▶ **Task details**:
The tail of the records, from the line containing "this 1538×1190 image." through the final line, should be printed exactly and on its own.

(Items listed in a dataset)
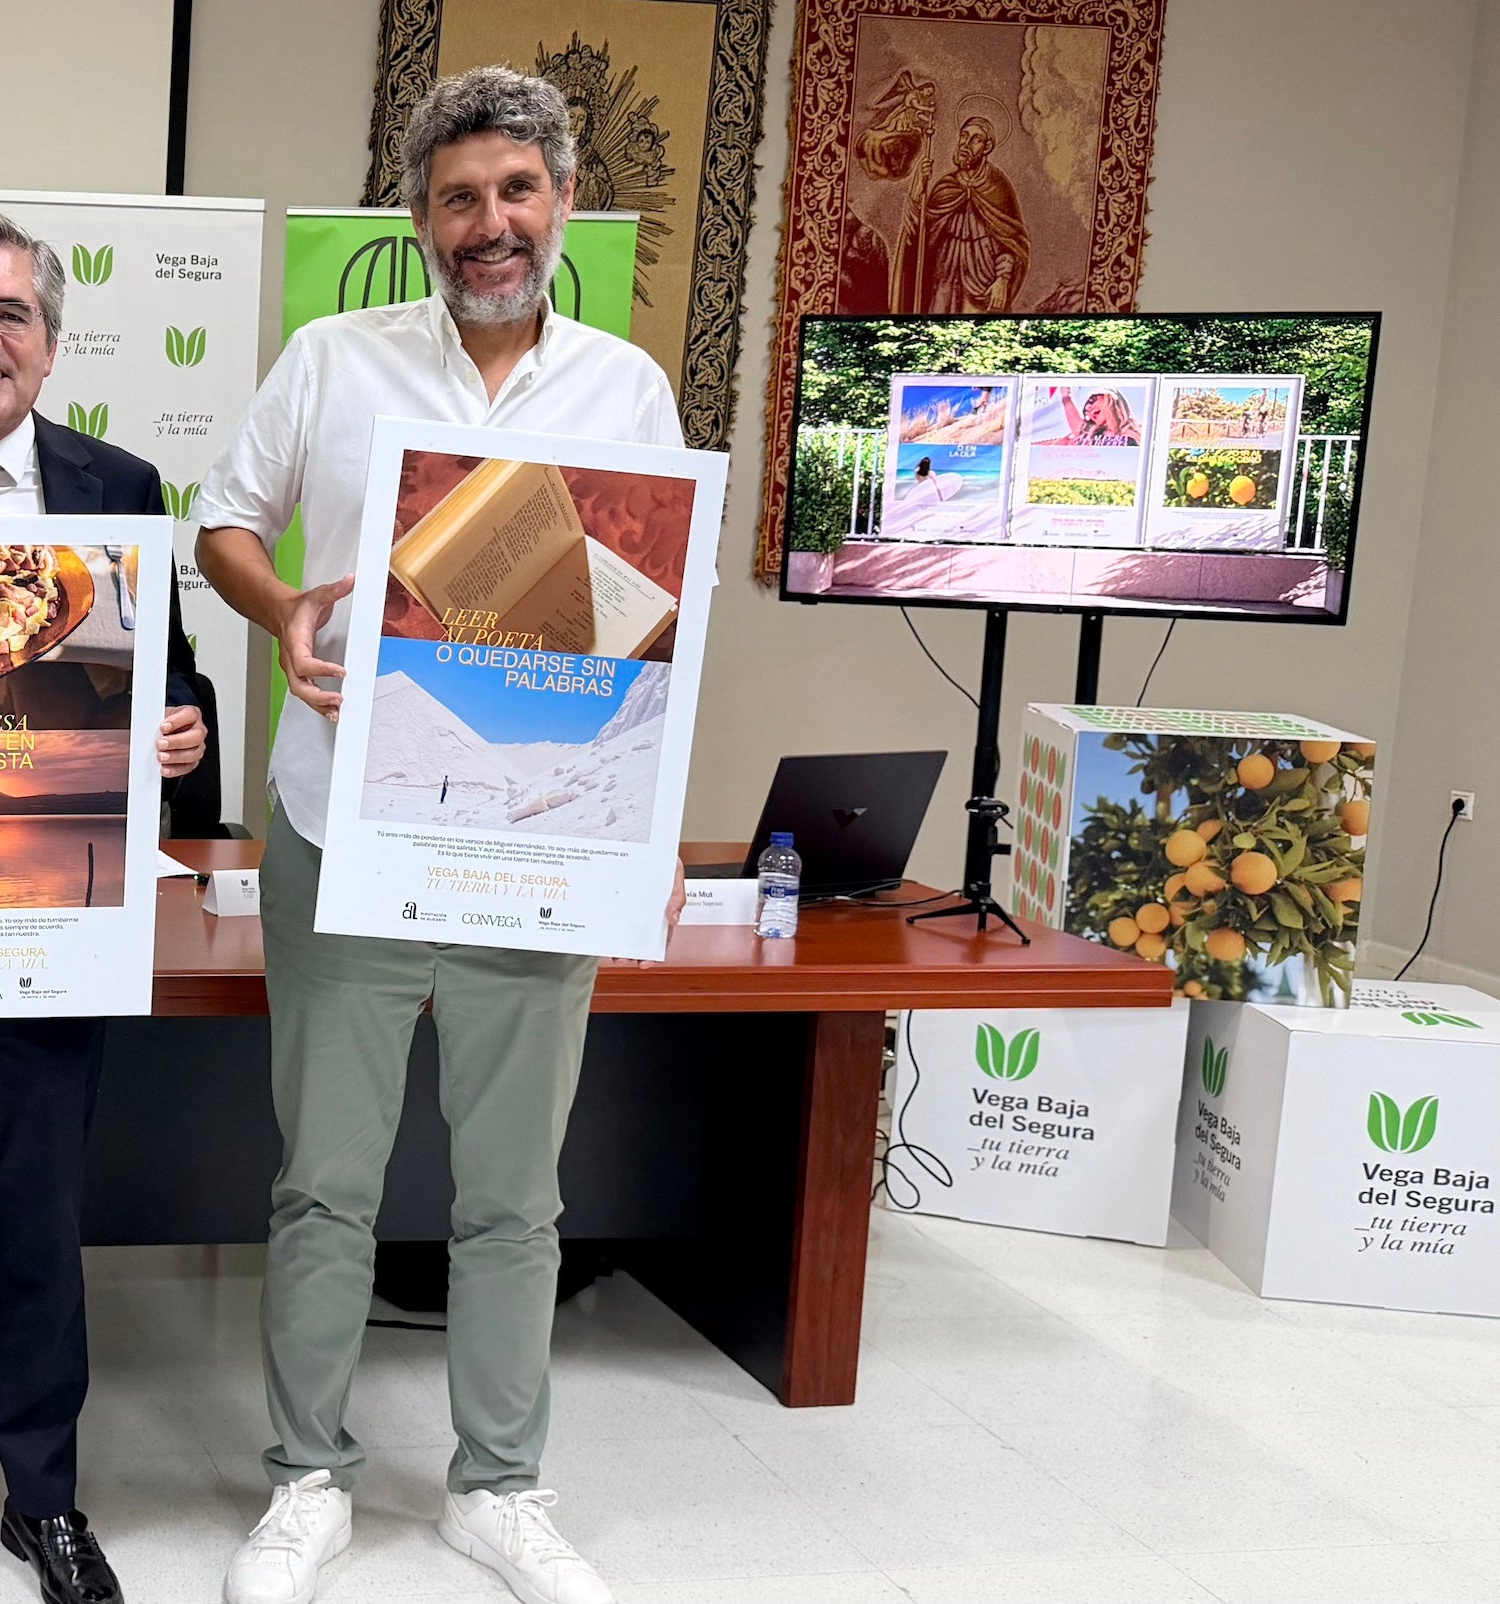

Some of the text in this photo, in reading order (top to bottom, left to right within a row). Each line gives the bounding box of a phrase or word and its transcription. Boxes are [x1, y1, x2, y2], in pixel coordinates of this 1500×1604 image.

[156, 254, 218, 268] Vega Baja
[156, 268, 222, 282] del Segura
[84, 331, 120, 342] tierra
[63, 344, 114, 356] y la mía
[178, 412, 213, 423] tierra
[156, 424, 208, 437] y la mía
[441, 608, 498, 630] LEER
[439, 627, 544, 652] AL POETA
[436, 644, 616, 678] O QUEDARSE SIN
[504, 671, 613, 697] PALABRAS
[6, 734, 36, 751] EN
[426, 878, 446, 890] TU
[448, 879, 498, 895] TIERRA
[502, 884, 510, 896] Y
[516, 886, 534, 898] LA
[427, 867, 570, 888] VEGA BAJA DEL SEGURA.
[462, 912, 522, 928] CONVEGA
[972, 1088, 1090, 1120] Vega Baja
[969, 1110, 1094, 1140] del Segura
[1198, 1100, 1240, 1146] Vega Baja
[1008, 1140, 1069, 1160] tierra
[1195, 1123, 1240, 1170] del Segura
[970, 1155, 1059, 1178] y la mía
[1362, 1162, 1490, 1192] Vega Baja
[1358, 1188, 1495, 1214] del Segura
[1400, 1216, 1468, 1236] tierra
[1358, 1234, 1455, 1255] y la mía
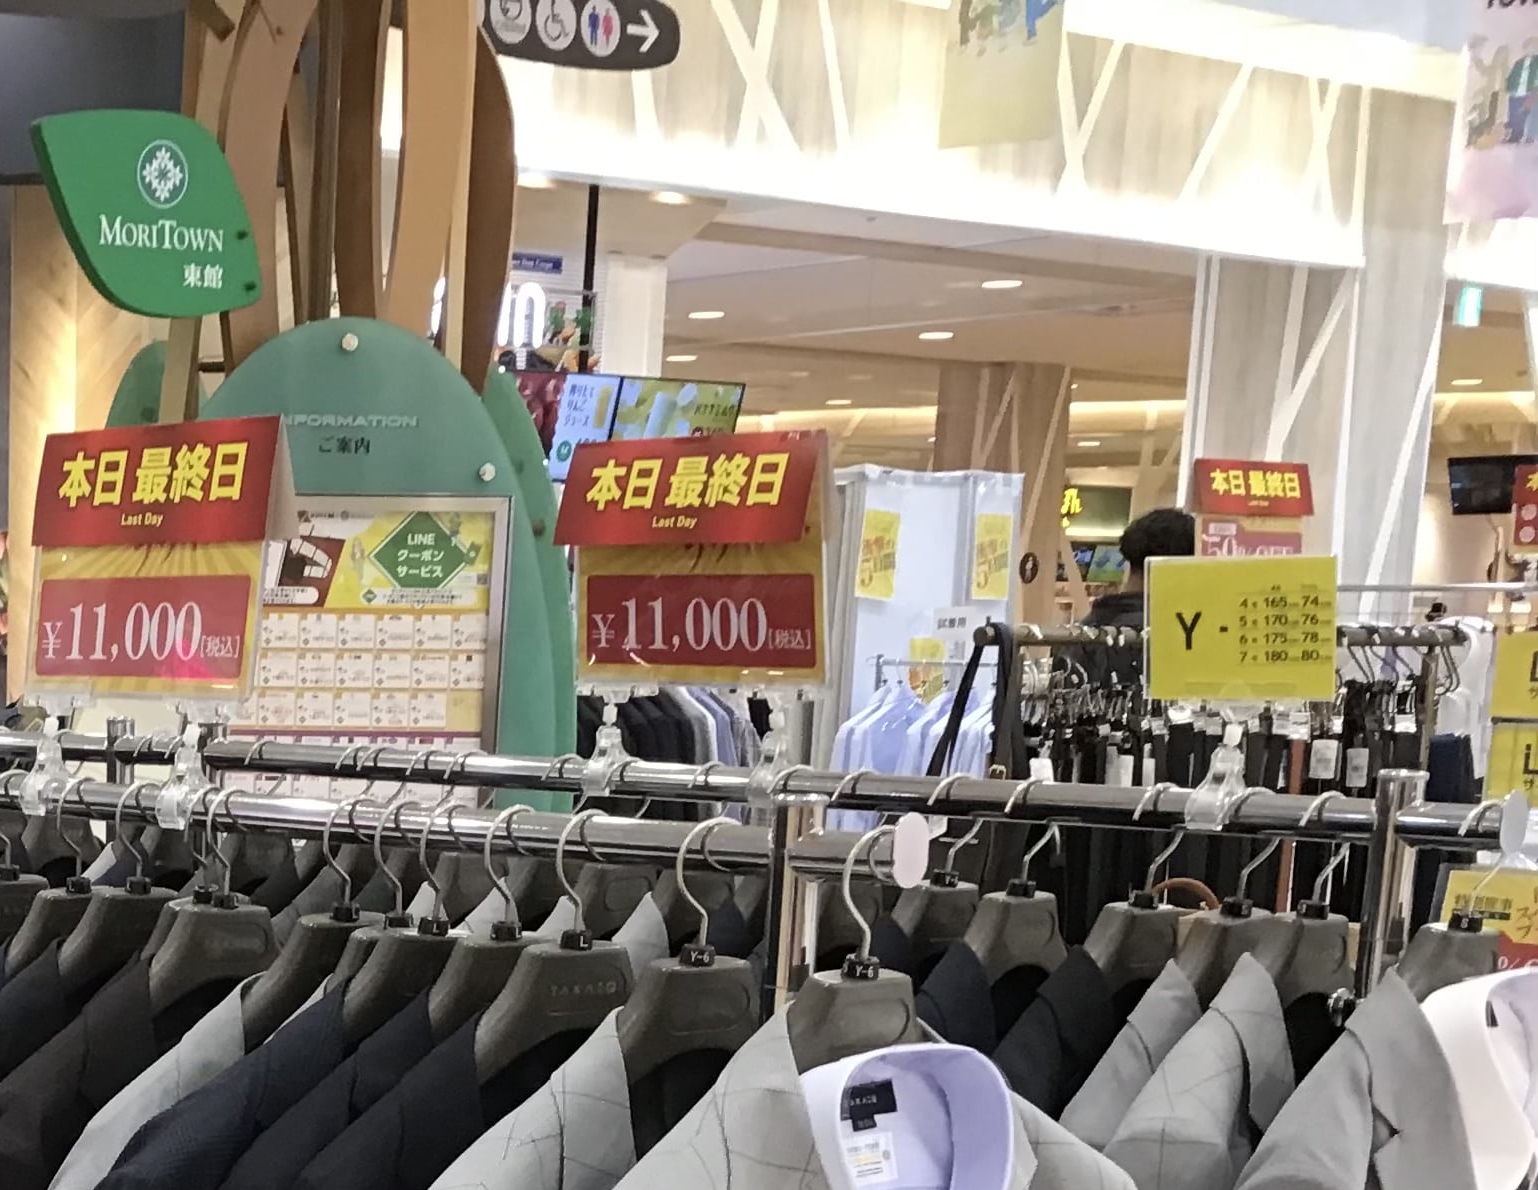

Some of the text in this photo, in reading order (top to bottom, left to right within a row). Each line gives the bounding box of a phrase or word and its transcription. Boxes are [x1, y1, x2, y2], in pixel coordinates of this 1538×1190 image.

[183, 263, 223, 289] 東館
[284, 413, 418, 428] NFORMATION
[319, 436, 371, 454] ご案内
[120, 512, 164, 528] Last Day
[651, 515, 698, 530] Last Day
[407, 532, 437, 547] LINE
[396, 565, 444, 579] サービス
[855, 965, 874, 979] Y-6

▶ **Task answer**:
Some of the text in this photo, in reading order (top to bottom, left to right within a row). Each line gives the bounding box of a phrase or word and its transcription. Boxes are [x1, y1, x2, y2], in pixel coordinates of this 1538×1190 image.

[183, 263, 223, 289] 東館
[284, 413, 418, 428] NFORMATION
[319, 436, 371, 454] ご案内
[120, 512, 164, 528] Last Day
[651, 515, 698, 530] Last Day
[407, 532, 437, 547] LINE
[396, 565, 444, 579] サービス
[855, 965, 874, 979] Y-6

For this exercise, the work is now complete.